• [Assignment]:
The records below must be output exactly, without pictures.

::::

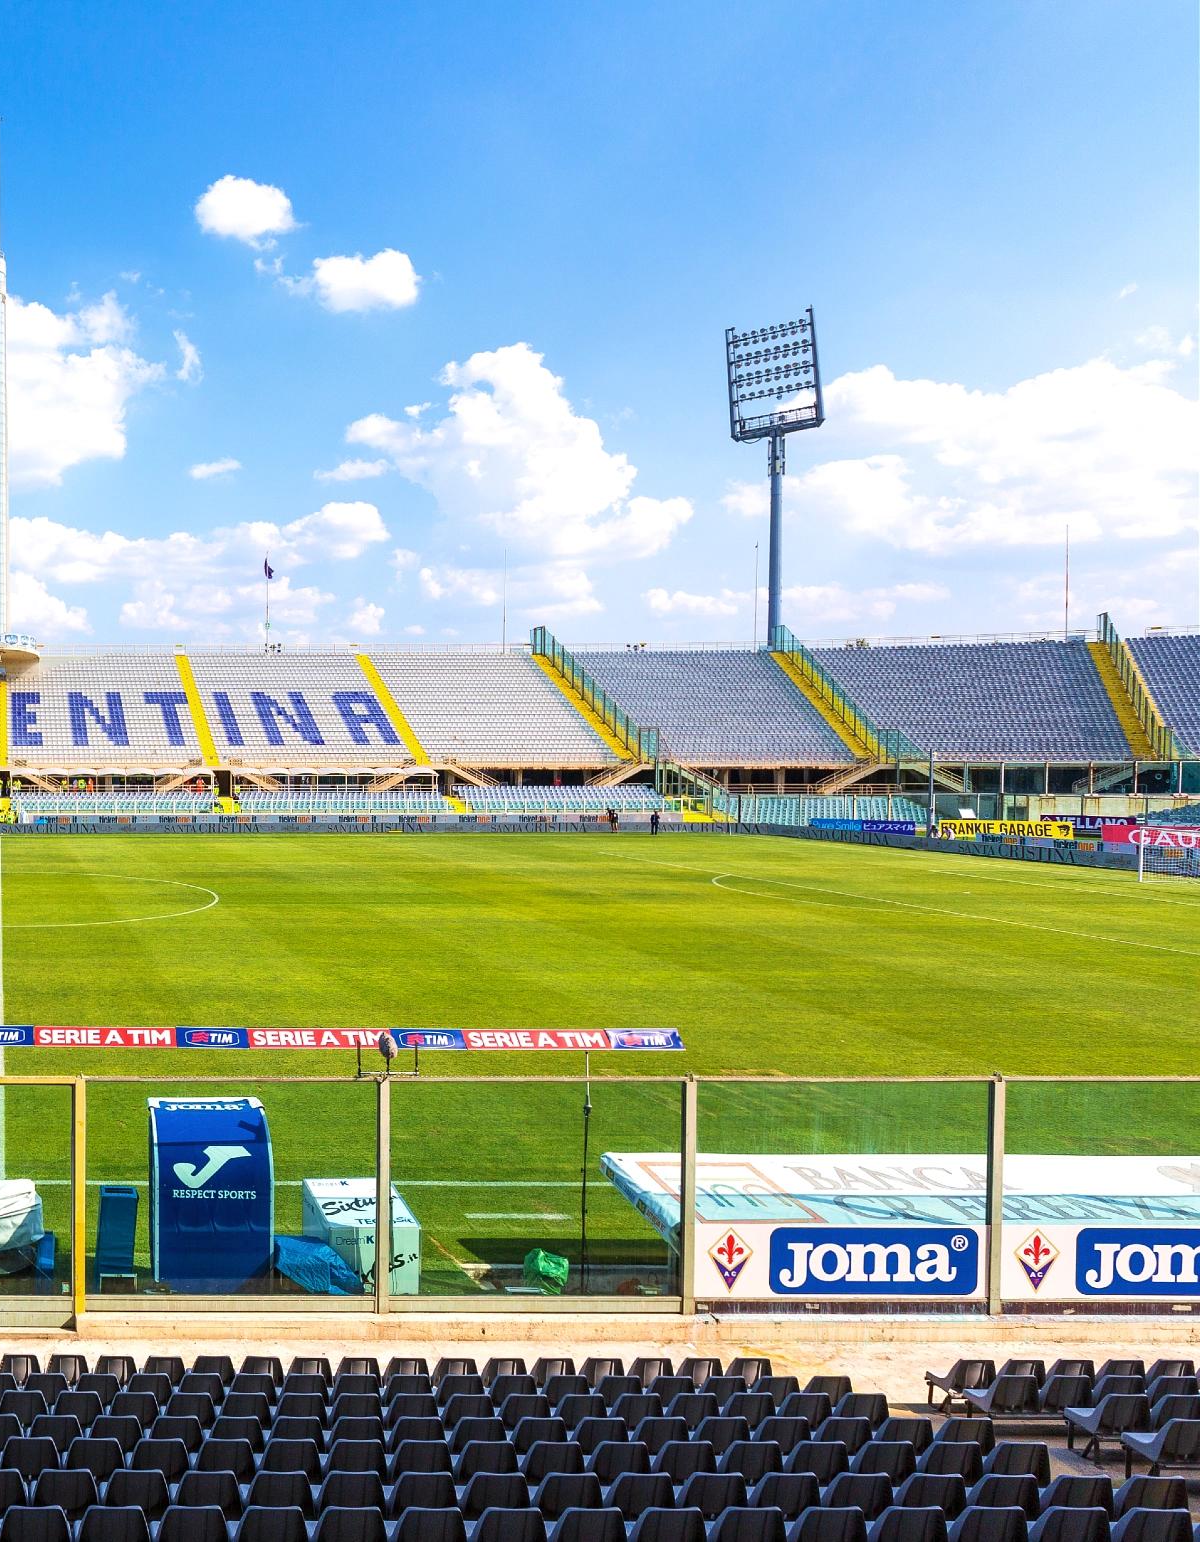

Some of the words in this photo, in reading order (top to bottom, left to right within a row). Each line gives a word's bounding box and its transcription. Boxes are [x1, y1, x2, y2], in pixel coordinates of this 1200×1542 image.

[2, 825, 33, 834] SANTA
[36, 824, 97, 834] CRISTINA
[164, 824, 196, 832] SANTA
[198, 823, 260, 833] CRISTINA
[328, 824, 358, 832] SANTA
[361, 823, 423, 832] CRISTINA
[490, 824, 521, 832] SANTA
[524, 823, 587, 832] CRISTINA
[690, 822, 760, 834] CRISTINA
[863, 823, 915, 831] ピュアスマイル
[1000, 823, 1053, 837] GARAGE
[800, 828, 830, 838] SANTA
[832, 830, 889, 845] CRISTINA
[959, 844, 996, 856] SANTA
[998, 844, 1074, 864] CRISTINA
[38, 1029, 100, 1044] SERIE
[104, 1030, 124, 1044] A
[127, 1030, 171, 1044] TIM
[209, 1033, 233, 1044] TIM
[253, 1030, 316, 1046] SERIE
[320, 1031, 340, 1046] A
[341, 1031, 382, 1047] TIM
[425, 1034, 449, 1046] TIM
[468, 1032, 535, 1048] SERIE
[538, 1032, 558, 1048] A
[560, 1032, 606, 1048] TIM
[642, 1034, 668, 1047] TIM
[783, 1166, 1023, 1190] BANCA
[173, 1190, 216, 1198] RESPECT
[218, 1190, 256, 1200] SPORTS

::::

• [Answer box]:
Some of the words in this photo, in reading order (top to bottom, left to right within a row). Each line gives a word's bounding box and its transcription. Boxes are [x1, y1, x2, y2], in pixel coordinates of this 1200×1542 image.

[2, 825, 33, 834] SANTA
[36, 824, 97, 834] CRISTINA
[164, 824, 196, 832] SANTA
[198, 823, 260, 833] CRISTINA
[328, 824, 358, 832] SANTA
[361, 823, 423, 832] CRISTINA
[490, 824, 521, 832] SANTA
[524, 823, 587, 832] CRISTINA
[690, 822, 760, 834] CRISTINA
[863, 823, 915, 831] ピュアスマイル
[1000, 823, 1053, 837] GARAGE
[800, 828, 830, 838] SANTA
[832, 830, 889, 845] CRISTINA
[959, 844, 996, 856] SANTA
[998, 844, 1074, 864] CRISTINA
[38, 1029, 100, 1044] SERIE
[104, 1030, 124, 1044] A
[127, 1030, 171, 1044] TIM
[209, 1033, 233, 1044] TIM
[253, 1030, 316, 1046] SERIE
[320, 1031, 340, 1046] A
[341, 1031, 382, 1047] TIM
[425, 1034, 449, 1046] TIM
[468, 1032, 535, 1048] SERIE
[538, 1032, 558, 1048] A
[560, 1032, 606, 1048] TIM
[642, 1034, 668, 1047] TIM
[783, 1166, 1023, 1190] BANCA
[173, 1190, 216, 1198] RESPECT
[218, 1190, 256, 1200] SPORTS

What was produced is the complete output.